Creatine kinase levels were measured using a standard colorimetry procedure, measuring at optical density 340 nm (BioTek ELx800 96 well Microplate Reader) and immediately analysed (Gen5, version 2.0). Each sample was run in duplicate-quadruplets using an EnzyChromTM CK Assay Kit (BioAssay Systems, Hayward, CA, USA, sensitivity 5 U/l, manufacturer intra-assay variability ≤5%). An average of 2–4 readings were taken. Creatine kinase activity is reported in two ways, firstly as absolute values and secondly, as the increase from pre to peak CK over the 168 h [(ΔCKpeak), i.e. the peak CK value − the pre-CK values].
Oestradiol was measured using a standard enzyme-linked immunosorbent assay (ELISA) procedure (Alpha Diagnostic International, San Antonio, USA). Absorbance was measured at optical density of 450 nm (BioTek ELx800 96 well Microplate Reader). The minimal oestradiol detection was ~10 pg/ml, the manufacturers intra-precision and inter-precision was 9.85 and 10.3%, respectively. To calculate oestrogen levels, a standard curve was plotted using the six standards against their absorbance. Using the mean absorbance of each sample, the concentration of the sample was read directly from the standard curve.
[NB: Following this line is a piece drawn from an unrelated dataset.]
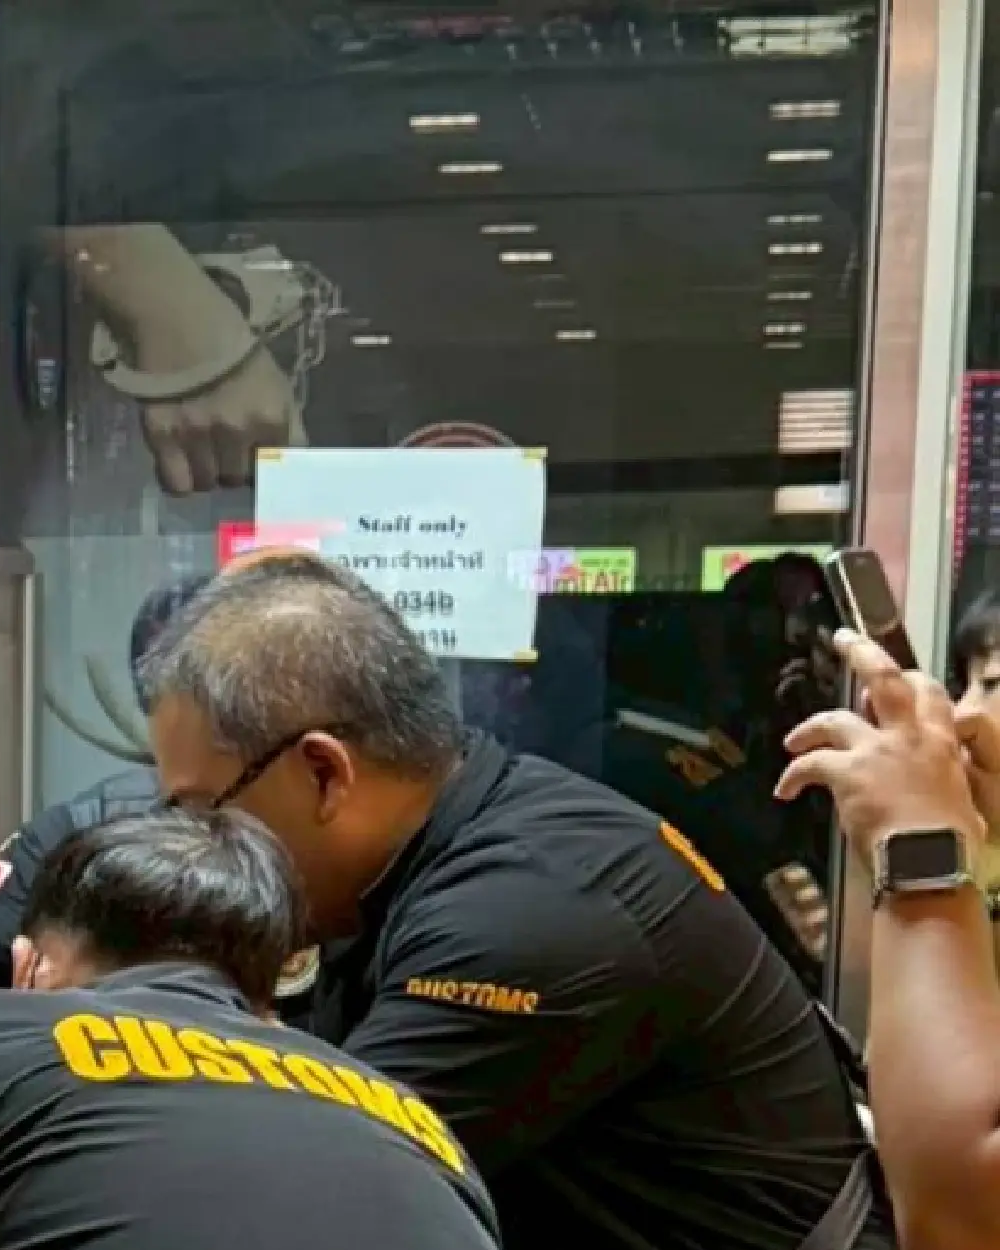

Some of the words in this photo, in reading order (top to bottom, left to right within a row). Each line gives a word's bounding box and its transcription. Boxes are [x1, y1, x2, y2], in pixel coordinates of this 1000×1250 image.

[357, 514, 411, 533] Staff
[418, 514, 468, 540] only
[405, 978, 540, 1015] CUSTOMS
[53, 1014, 467, 1177] CUSTOMS
Statistical analyses were carried out using the statistical software package SPSS (v.19, Chicago, IL, USA) for Windows and Microsoft Excel. To ensure that the data were parametric, the Levene’s and Shapiro–Wilk’s tests were used to assess the variance and normality of the data. If parametric tests were violated, the equivalent non-parametric tests were used. For group differences in anthropometric measures, oestrogen levels, VLACSA, patella tendon properties, and ΔCKpeak independent T tests were used. A 2 × 5 mixed design analysis of variance [ANOVA, between factors: OCP use (2 levels) and time from EIMD (5 levels)] was used for muscle soreness, MVCKE torque loss and CK levels. Wherever the assumption of sphericity was violated, the Greenhouse–Geisser correction was used. When a significant group effect was found a planned contrast, with LSD correction, was used to identify where the significant difference lay. Since an association was reported between age and MVCKE torque loss, an analysis of covariance was used. For the variables being investigated as a potential determinant of EIMD, confidence levels and Cohen d were calculated. Significance was set at p ≤ 0.05. The data are presented as mean ± standard deviation.